A Celebração de Pentecostes ainda recorda os dons do Espírito Santo. São Paulo, na leitura da Missa de Pentecostes, diz que é o mesmo Espírito que distribui todos os dons, para que cada um coloque aquilo que recebeu a serviço da comunidade. Há uma infinidade de dons do Espírito entregues a cada um; a Igreja recorda particularmente sete: Sabedoria, Inteligência, Conselho, Fortaleza, Ciência, Piedade, Temor de Deus. Esses dons fazem com que o cristão esteja preparado para colaborar com a comunidade na construção do Reino de Deus.

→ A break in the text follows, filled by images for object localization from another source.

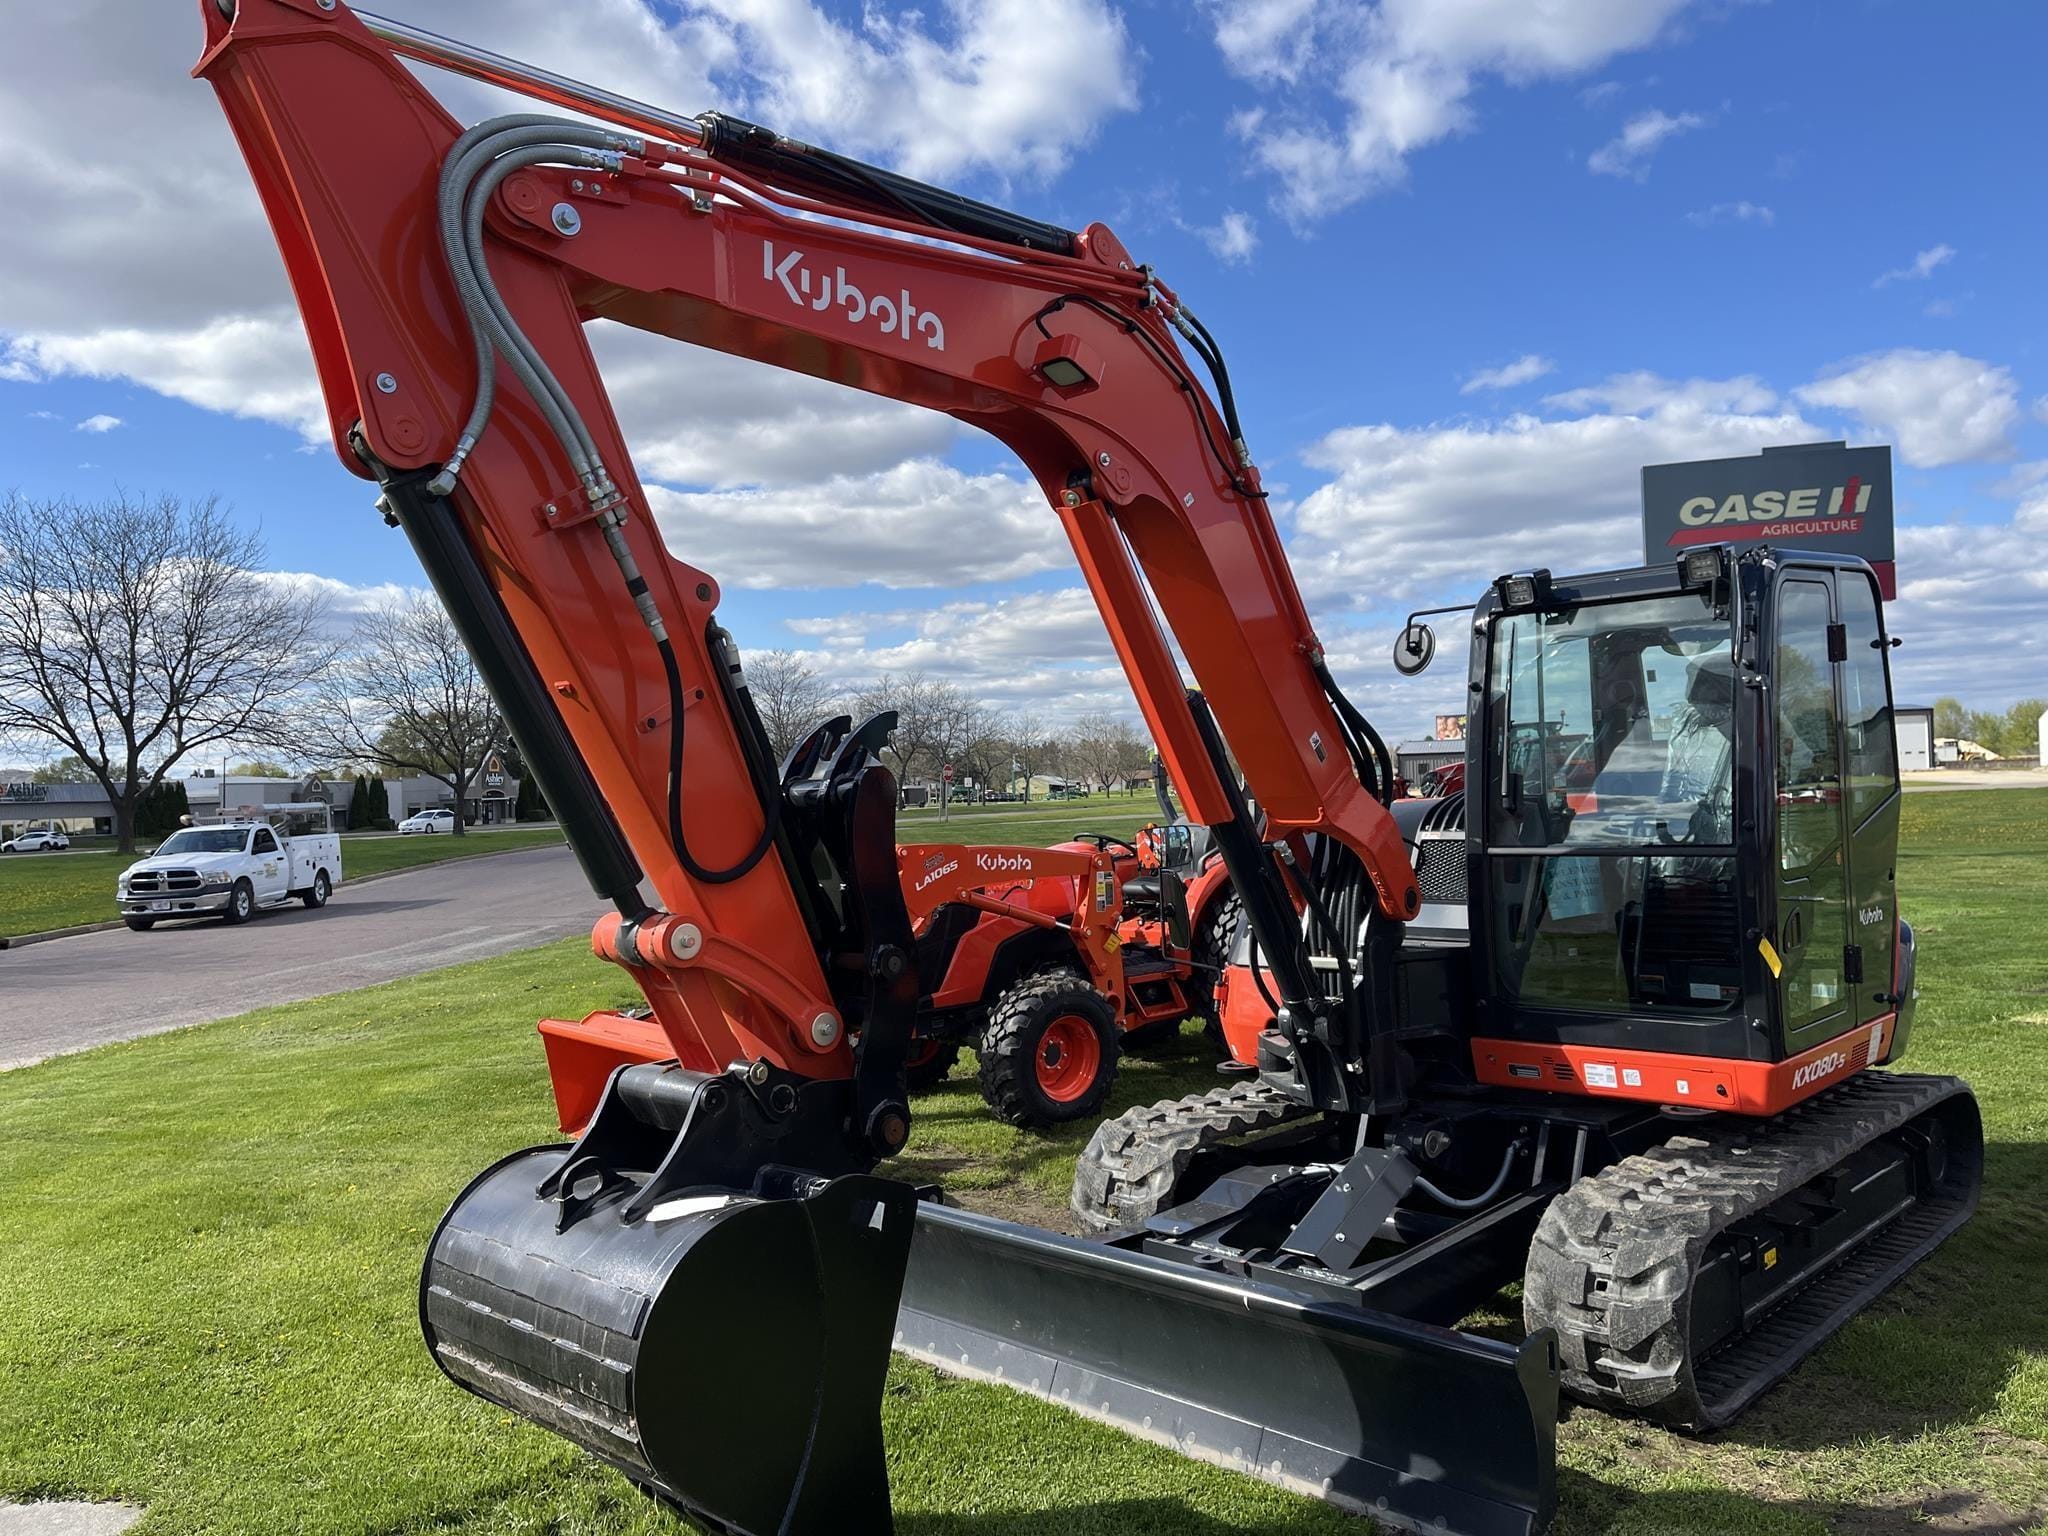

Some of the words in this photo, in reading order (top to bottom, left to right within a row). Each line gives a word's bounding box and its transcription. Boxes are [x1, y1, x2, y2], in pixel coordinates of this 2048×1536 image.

[764, 240, 944, 351] Kubota
[1679, 488, 1821, 526] CASE
[1761, 519, 1858, 536] AGRICULTURE
[6, 781, 49, 798] Ashley
[976, 853, 1032, 871] Kubota
[914, 860, 959, 891] LA1065
[1859, 905, 1884, 926] Kubota

Ao final da Missa de Pentecostes, o Círio Pascal, grande vela acesa na Vigília Pascal e que permaneceu no presbitério durante o tempo da Páscoa, é apagado. A luz de Jesus simbolizada nesta vela está agora presente no coração e na vida de cada seguidor de Jesus, que recebeu o Espirito Santo. Cada um, com o fogo do Espírito dentro de si, manifesta a presença de Jesus Ressuscitado no mundo.

Como eu, que sou templo do Espírito Santo, estou vivendo o seguimento de Jesus e dando testemunho no mundo? Pentecostes é um excelente momento para louvar a Deus pelos dons que recebi em minha vida e para fazer deles um dom para minha comunidade.